Die SED-gesteuerte Geschichtsschreibung brachte zwar eine Flut von Heldengeschichten zur Arbeiterklasse im "ersten Arbeiter-und-Bauern-Staat" hervor, doch keine kritische Studie, die auch die sozialen Konturen der neuen Gesellschaft nachzeichnet. Durch eine umfassende sozial- und kulturhistorische Darstellung wären Spannungslinien und Interessenkonflikte offen gelegt worden, die das Bild "der Arbeiterklasse" bunt und widersprüchlich gestaltet hätten - nicht nur mit Blick auf die Erhebung vom 17. Juni 1953, sondern auch auf das Verhalten von Arbeitern in den Betrieben und ihr tägliches Leben.
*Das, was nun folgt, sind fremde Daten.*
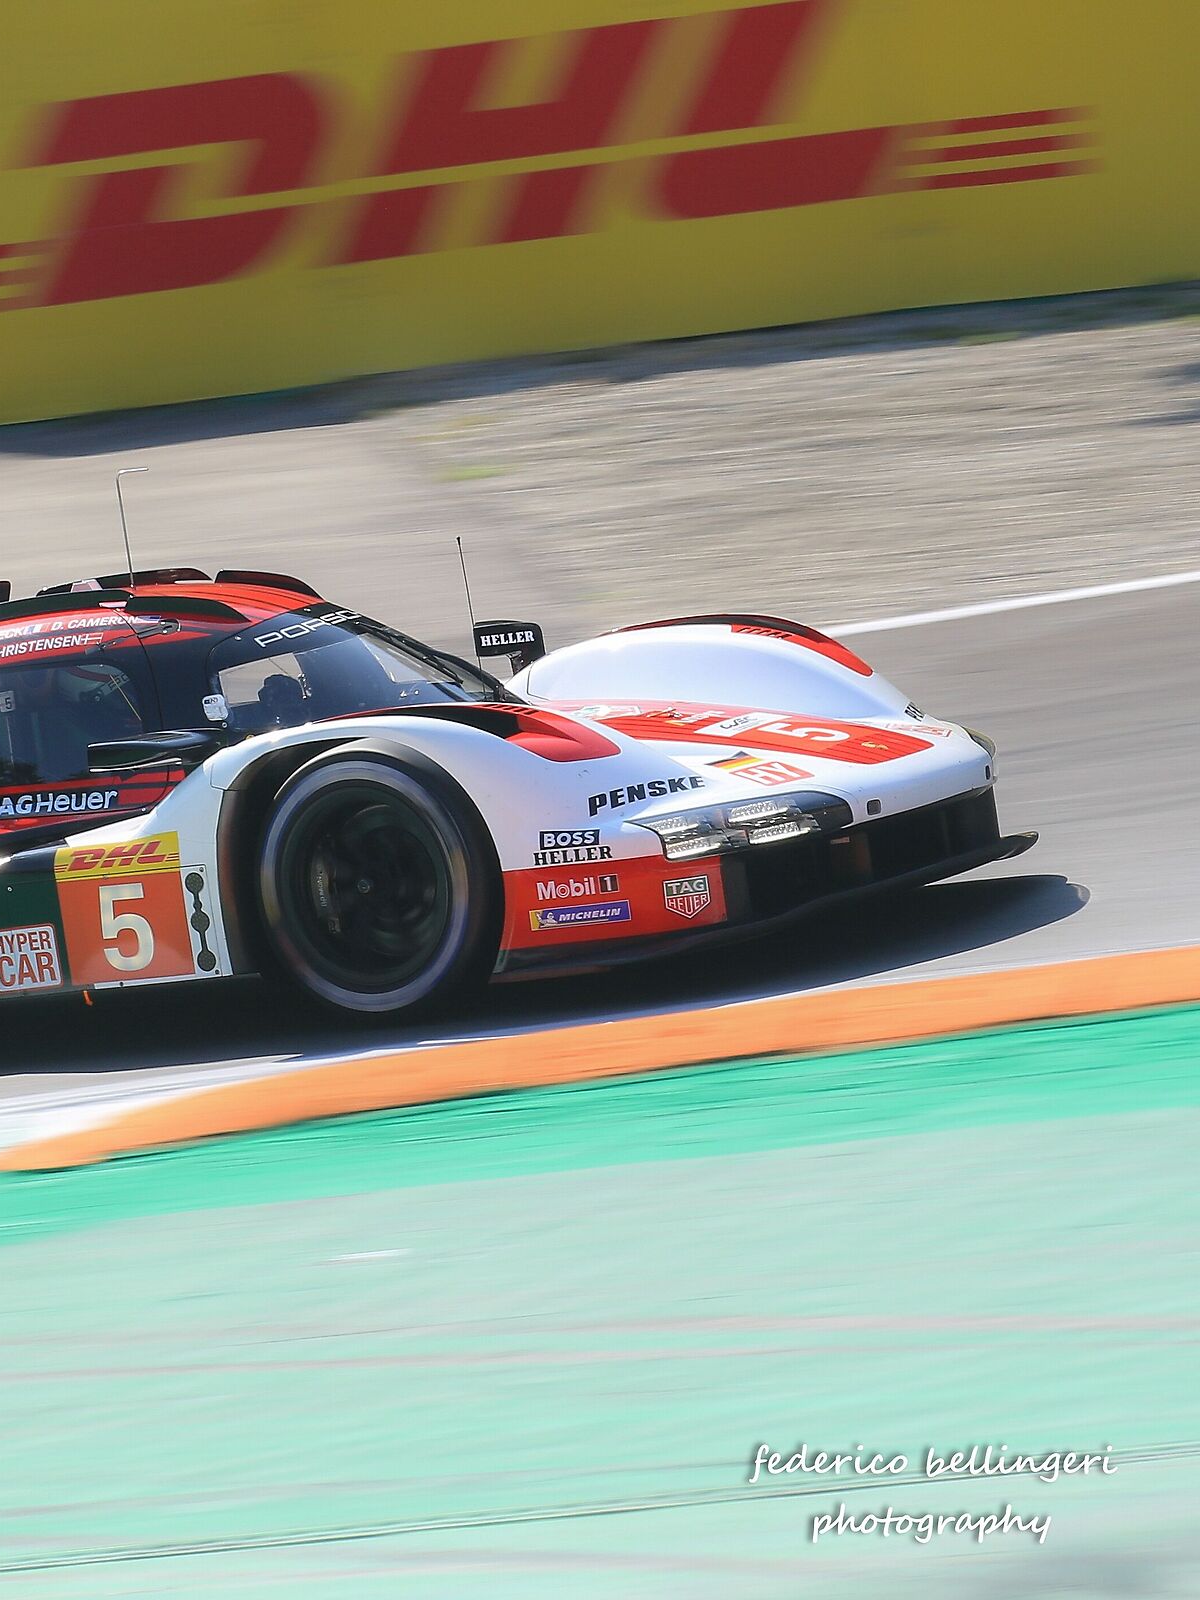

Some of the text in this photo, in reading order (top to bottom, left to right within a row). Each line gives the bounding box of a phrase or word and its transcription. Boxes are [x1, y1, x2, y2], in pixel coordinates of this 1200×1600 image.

[5, 0, 905, 307] DHL
[67, 616, 138, 629] CAMERON
[480, 630, 535, 647] HELLER
[756, 722, 850, 742] 5
[745, 762, 804, 784] HY
[588, 776, 705, 817] PENSKE
[543, 832, 596, 848] BOSS
[69, 841, 167, 871] DHL
[533, 846, 613, 866] HELLER
[536, 877, 596, 901] Mobil
[667, 878, 706, 895] TAG
[559, 908, 621, 922] MICHELIN
[667, 895, 708, 915] HEUER
[99, 883, 154, 972] 5
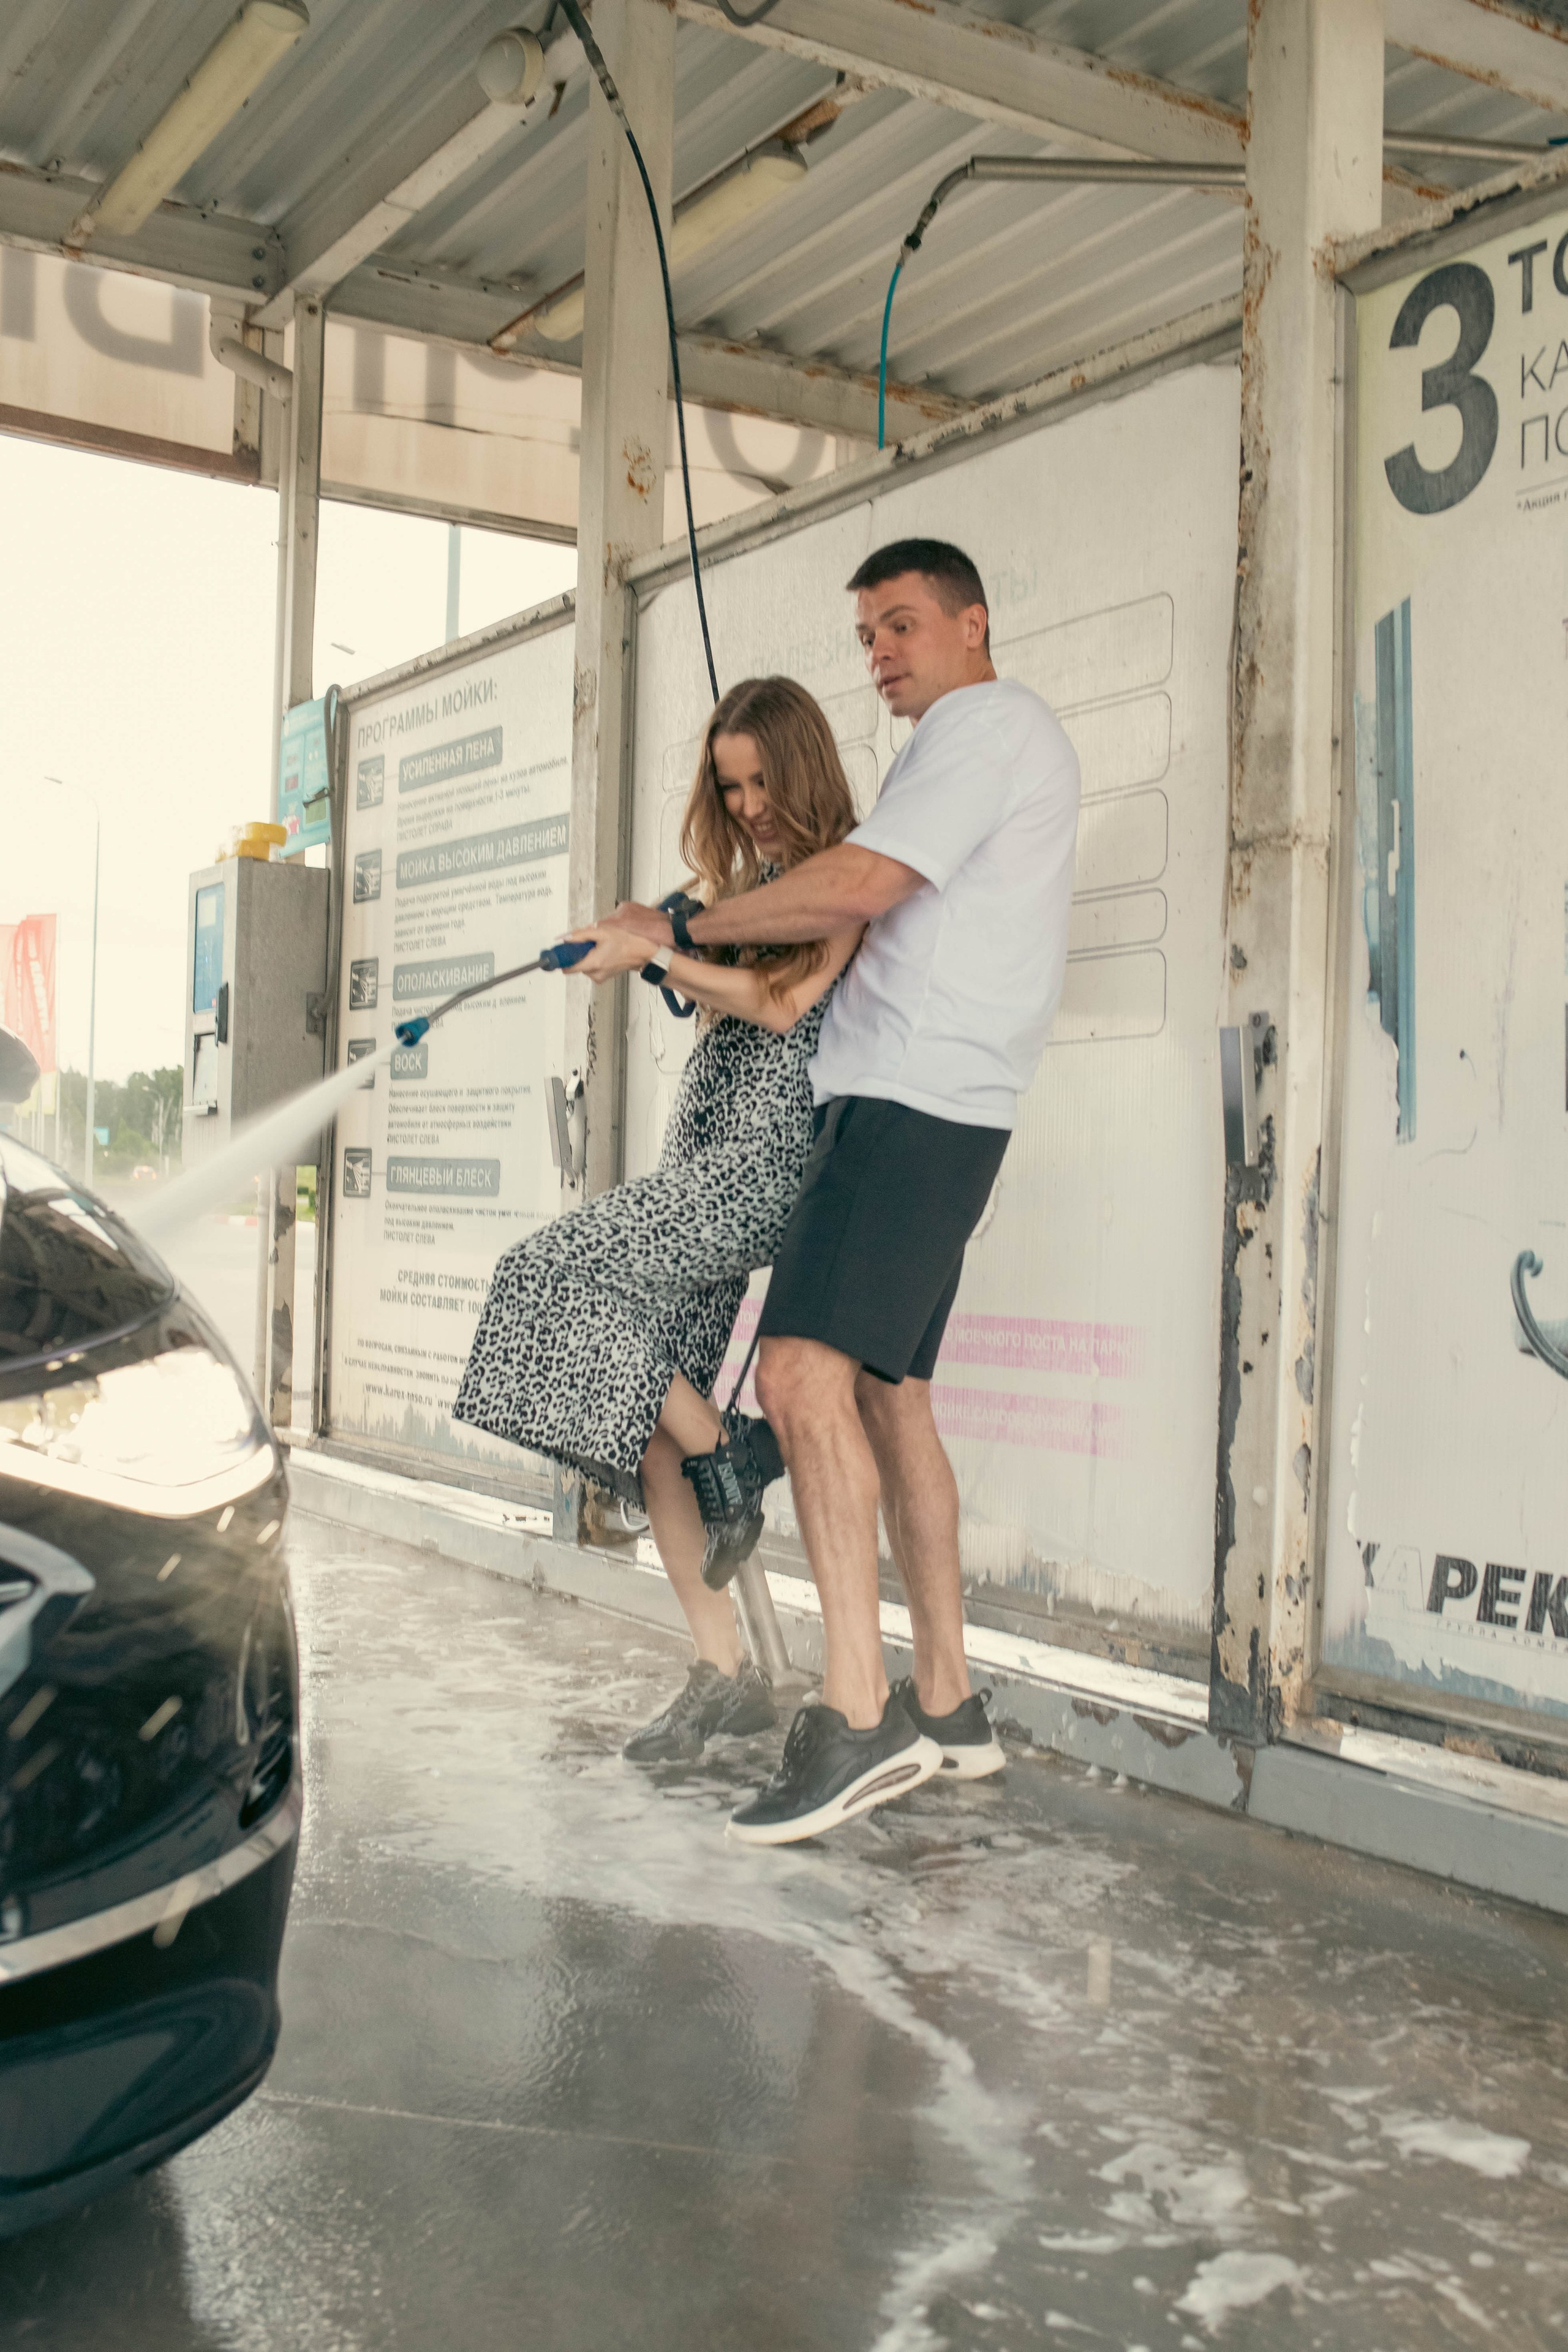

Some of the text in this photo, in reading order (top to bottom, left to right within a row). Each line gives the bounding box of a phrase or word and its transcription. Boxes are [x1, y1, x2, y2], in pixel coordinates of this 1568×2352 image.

Außerdem konnte sich die SED bei ihrem Versuch, eine »Diktatur des Proletariats« zu verwirklichen, nie dem politischen und sozialen Magnetfeld der Bundesrepublik entziehen. Dies unterschied die Entwicklung einer "verstaatlichten" kommunistischen Arbeiterbewegung in der DDR von den osteuropäischen Volksdemokratien.
Rezensionsnotiz zu
Frankfurter Allgemeine Zeitung, 15.03.2008
Das Anführungszeichen im Titel macht einen der fundamentalen Zweifel deutlich, auf die dieses "opus magnum" des Historikers Christoph Kleßmann hinausläuft. Abgesehen davon, dass die DDR mit ihren zehn Prozent in der Landwirtschaft Beschäftigten kein Bauernstaat war - auch den Titel Arbeiterstaat hat sie sich nur sehr bedingt verdient. Vor allem, weil es der Führung nicht gelang, die Arbeiterschaft, in der lange sozialdemokratische Impulse spürbar blieben, auf die Linie des Sowjetsozialismus zu bringen. Die Lösung, die sich fand, war die Brigade als "kollegiale Werksgruppe am Arbeitsplatz". Die Brigaden allerdings entwickelten ihre "Eigendynamik" und verkörperten geradezu die produktivitätshemmende DDR-Mentalität einer "Mischung aus Meckern, Mitmachen und Verweigern". Kleßmann konstatiert deshalb ein Paradox: Politisch war die Arbeiterklasse schwach, gesellschaftlich aber zu stark für die reibungslose Durchsetzung der Staatsideologie. Der Rezensent Günther Heydemann findet die Studie durchweg bewundernswert, staunt über die "beeindruckende Fülle unterschiedlichster Quellen" und prognostiziert, dass das Buch "auf Jahre hinaus" ein Standardwerk der Forschung bleiben wird.